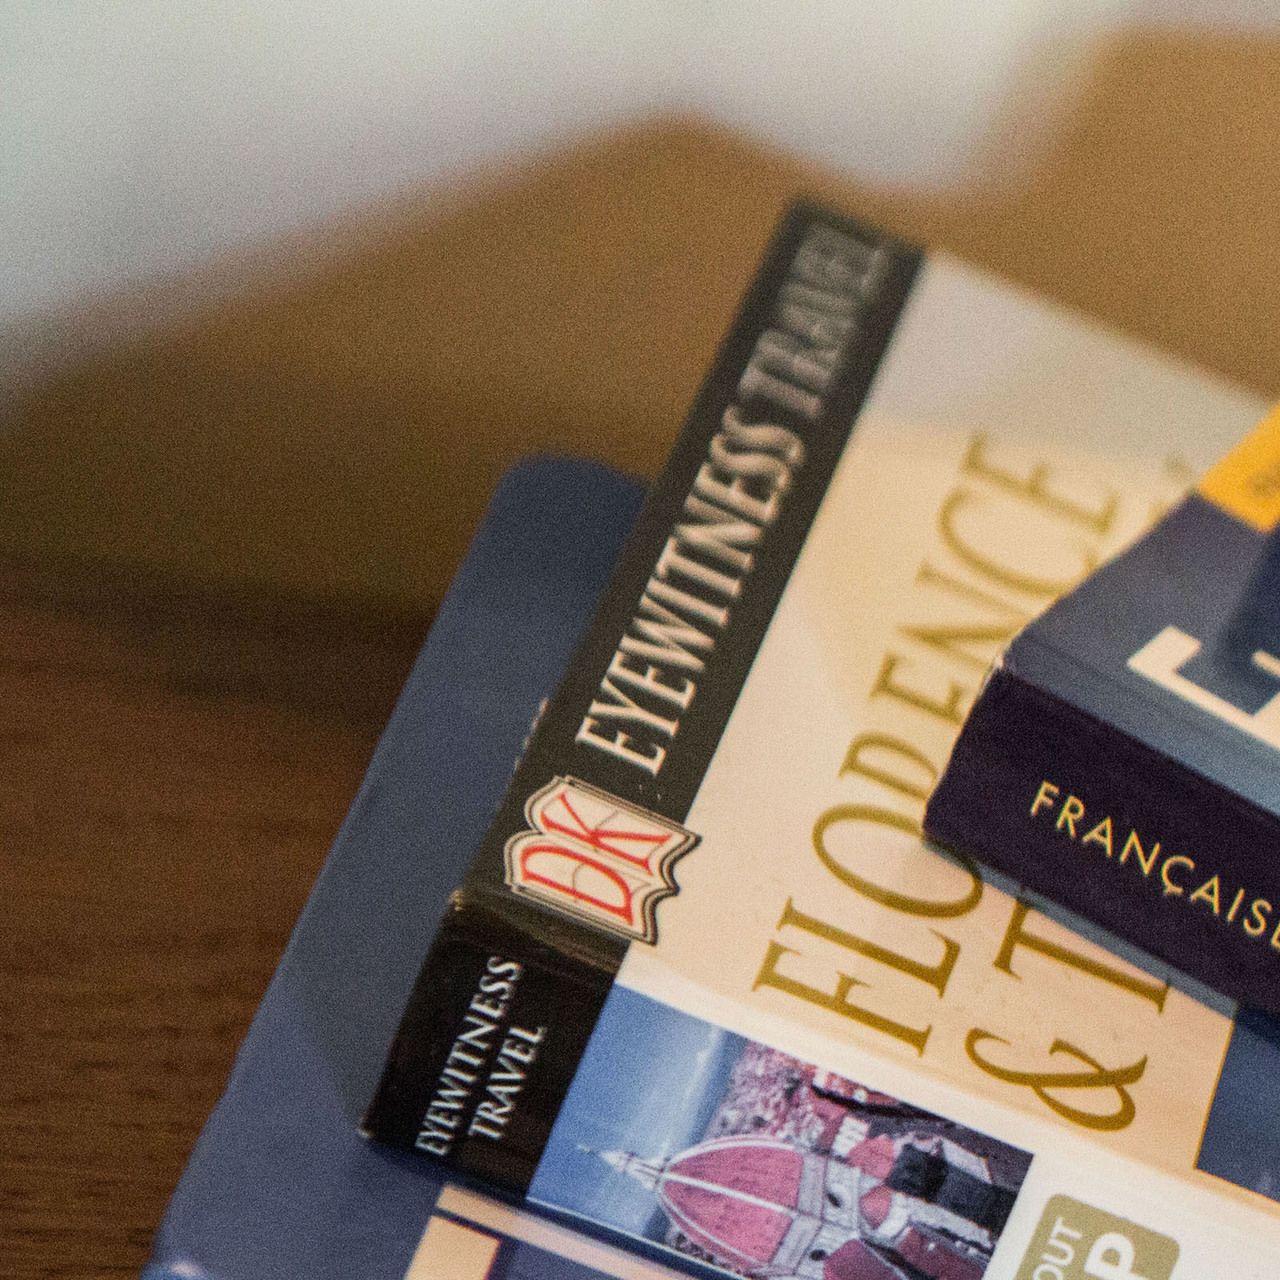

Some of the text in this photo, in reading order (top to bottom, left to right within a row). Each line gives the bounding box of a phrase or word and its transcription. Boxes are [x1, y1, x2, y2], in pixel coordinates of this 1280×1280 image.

[575, 403, 806, 776] EYEWITNESS
[519, 792, 674, 926] DK
[415, 955, 523, 1157] EYEWITNESS
[467, 1026, 547, 1140] TRAVEL
[965, 1027, 1150, 1132] &

◇ ◇ ◇ ◇

#### [Task instructions]
Could you retype all the entries exactly, skipping the pictures?

#### [Exercise solution]
Some of the text in this photo, in reading order (top to bottom, left to right within a row). Each line gives the bounding box of a phrase or word and its transcription. Boxes are [x1, y1, x2, y2], in pixel coordinates of this 1280×1280 image.

[575, 403, 806, 776] EYEWITNESS
[519, 792, 674, 926] DK
[415, 955, 523, 1157] EYEWITNESS
[467, 1026, 547, 1140] TRAVEL
[965, 1027, 1150, 1132] &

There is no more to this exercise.